Consolidation in Outsourcing
Reviewing 2007's transactions and the trends they portend
By Michael A. Martorelli
Every year we note at the beginning of this annual review several themes that characterized the consolidation activity among outsourcing providers in the prior year. As always, we suggest that we did not select those themes a priori, but instead developed them after surveying the relevant activity in the industry. The themes noted below may sound familiar, but they reflect the nature of the consolidation activity in 2007.
Private equity (PE) firms again were very active in the outsourcing arena
We suspect there may have been even more completed or announced transactions had it not been for the significant changes in the cost and availability of bank financing to support such deals, a fallout of the problems with sub-prime lending.
We noted more divestitures last year than in the recent past
As we predicted in our review of 2006, more management teams and boards have been willing to jettison operations no longer considered key components of growth.
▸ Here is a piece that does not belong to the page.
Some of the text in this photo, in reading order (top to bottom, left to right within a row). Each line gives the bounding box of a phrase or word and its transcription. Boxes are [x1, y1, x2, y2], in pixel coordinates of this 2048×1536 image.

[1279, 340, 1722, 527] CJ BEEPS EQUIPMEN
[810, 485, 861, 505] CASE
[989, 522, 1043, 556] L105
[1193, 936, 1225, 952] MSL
Many divestitures involved operations that had been performing satisfactorily, not just the laggard performers that had usually been involved in such sales in previous years.
Cross-border transactions accounted for a disproportionately large share of all transactions
As was the case in 2006, many of these acquisitions were tactical and small; only a few were headline-grabbers with important strategic significance. Nonetheless, we think it's significant that so much activity did occur and that it again involved participants of all sizes and in all business segments.
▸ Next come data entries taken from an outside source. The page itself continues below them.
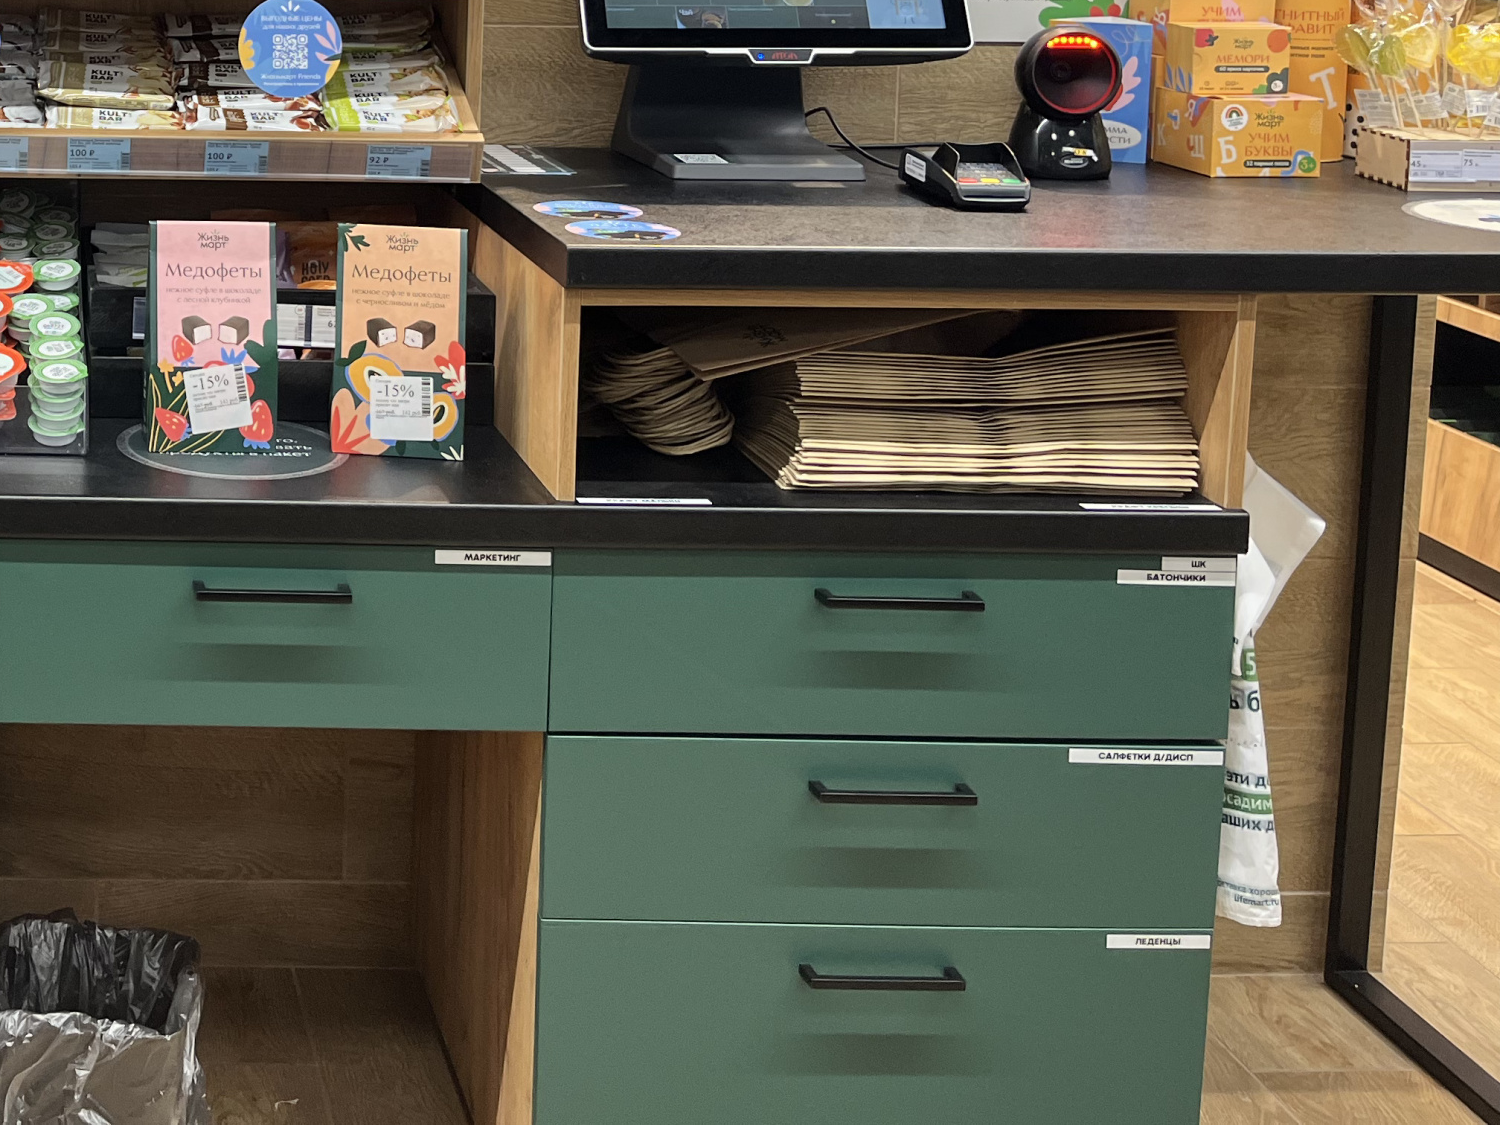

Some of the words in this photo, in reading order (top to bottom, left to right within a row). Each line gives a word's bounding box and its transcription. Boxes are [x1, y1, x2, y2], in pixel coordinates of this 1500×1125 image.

[1202, 7, 1242, 17] УЧИМ
[1216, 55, 1270, 63] МЕМОРИ
[91, 69, 118, 77] KULT
[1248, 133, 1290, 144] УЧИМ
[70, 149, 86, 157] 100
[1244, 146, 1293, 157] БУКВЫ
[207, 153, 224, 161] 100
[368, 156, 380, 164] 92
[197, 232, 230, 243] Жизнь
[386, 233, 419, 245] Жизнь
[200, 241, 228, 251] март
[388, 243, 417, 253] март
[165, 263, 262, 283] Медофеты
[352, 264, 452, 285] Медофеты
[166, 287, 194, 295] нежное
[195, 287, 216, 296] суфле
[224, 287, 262, 295] шоколаде
[352, 289, 379, 297] нежное
[381, 290, 404, 299] суфле
[412, 291, 450, 300] шоколаде
[184, 295, 209, 304] лесной
[210, 295, 250, 305] клубникой
[363, 297, 412, 306] черносливом
[193, 373, 230, 391] -15%
[377, 383, 415, 401] -15%
[464, 553, 522, 561] МАРКЕТИНГ
[1190, 560, 1207, 569] ШК
[1146, 573, 1206, 583] БАТОНЧИКИ
[1098, 751, 1152, 761] САЛФЕТКИ
[1153, 753, 1194, 763] Д/ДИСП
[1226, 771, 1250, 787] эти
[1135, 937, 1181, 947] ЛЕДЕНЦЫ
Overall Consolidation Activity May Have Peaked for This Economic Cycle
The pace of consolidation across the various segment of the outsourcing industry has usually been somewhat related to the overall pace of merger and acquisition activity, especially as it involves the interest of the PE firms, so it's worthwhile to look briefly at overall activity.
Overall merger activity rose again in 2007, although the year-to-year increase in the value of all transactions was closer to 8% than to 2006's historic increase of more than 30%. According to the ZEPHYR database maintained by Bureau van Dijk, the value of all transactions totaled about $4.1 trillion in 2007, versus $3.8 trillion in 2006 and $2.9 trillion in 2005.
The pace of activity was down across the board in terms of industries and geographic territories. Among the 10 groups tracked by ZEPHYR, only two (Basic Materials and Financials) saw an increase in the number of transactions. The presence of mega-mergers in the Financial sector resulted in the value of transactions in that area rising by the unusually high rate of 50%.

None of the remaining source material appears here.